Low water crossing over Spring Creek just outside of Sherwood
Sherwood was founded in 1886, and soon became the county seat of Irion County. The stone courthouse was constructed in 1901. However, as often happened in the early days of the railroad, the tracks bypassed Sherwood and instead went through the newer community of Mertzon a few miles to the southwest. Over time, Mertzon became the county seat and Sherwood faded away. The town is still remembered, though, as one of the busiest commercial streets in San Angelo is named Sherwood Way.

Courthouse in Sherwood was constructed in 1901
We drove a bit through Mertzon, a town we passed through often when we lived in Ozona years ago and would shop in San Angelo. Home to almost 800 people, there is not much in Merton. The courthouse stands atop a hill to the west of the highway, all alone up there as all businesses are located along the highway 2 or 3 blocks to the east. The school is located even beyond the courthouse.

The headwaters for Spring Creek are west of Mertzon, and there is always good water in the creek on the eastern edge of town.

Spring Creek, upstream from low-water crossing on the eastern edge of Mertzon
From Mertzon, we headed back to San Angelo by way of FM 853, which runs first north from Sherwood, then curves back due east. Just before the curve east, the highway crosses the Middle Concho River on a low-water crossing.

Middle Concho River, looking downstream. It's difficult to see, but there is a pool of water in the distance.

The Middle Concho is probably the driest waterway in the San Angelo area. Even in good years, the flow is not steady. However, early day travelers did use it to travel west. By following the river, they could find pools of water and good wood for several days of travel. Legendary Charles Goodnight followed the Middle Concho as he trudged west with herds of cattle towards Castle Gap and Horsehead Crossing on the Pecos River. Lonesome Dove, perhaps Larry McMurtry's greatest work, was based on the exploits of Goodnight and his friend and partner, Oliver Loving. It was during one of these trips that Loving and "One Arm" Bill Wilson road ahead to Ft. Sumner to start accepting bids for the herd; during the ride, they were ambushed by Comanches and Loving was wounded. He lost an arm to gangrene, and later lost his life from complications resulting from the wound. Goodnight took his friend's body back to Weatherford, Texas, where he was buried in Greenwood Cemetery. This incident forms the basis for McMurtry's epic story.

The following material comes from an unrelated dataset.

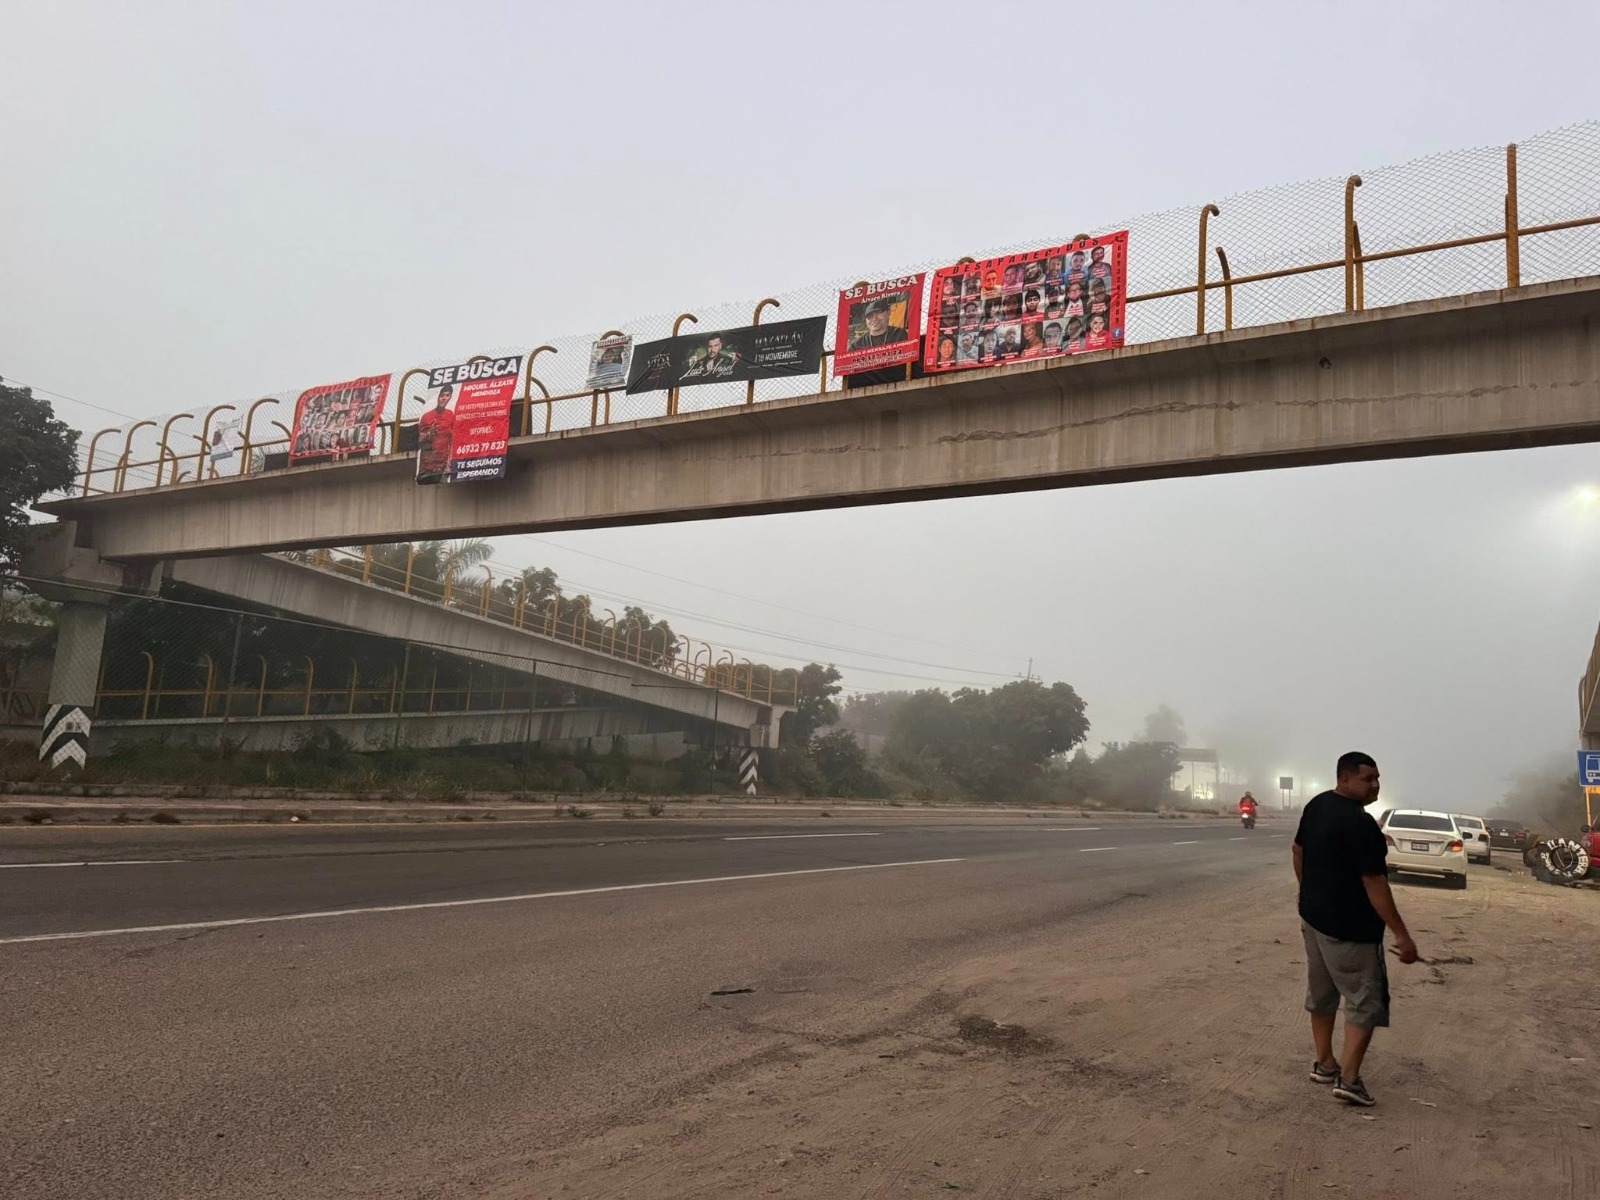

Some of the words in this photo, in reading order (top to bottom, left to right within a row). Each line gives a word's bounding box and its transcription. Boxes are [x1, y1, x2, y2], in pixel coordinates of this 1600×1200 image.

There is not much to see along Highway 853. It's almost like stepping back in time. There are few houses, probably fewer than 20 altogether if that many, and little traffic other than some gravel trucks running back and forth from a dig in the area. The old community of Arden is located about halfway between Mertzon and Angelo. The area was first settled by sheep rancher John Arden in about 1876. A few years later, others moved to the area, and a small community developed that consisted of a school, a single church serving various congregations, and a post office, among other businesses. However, population dwindled as a result of drought and other difficulties, and very little remains today to even indicate there was ever a community there. All I saw was a marker next to the foundation where the school was located, and a single ranch house on the north side of the road.

Looks like West Texas has been fighting drought forever.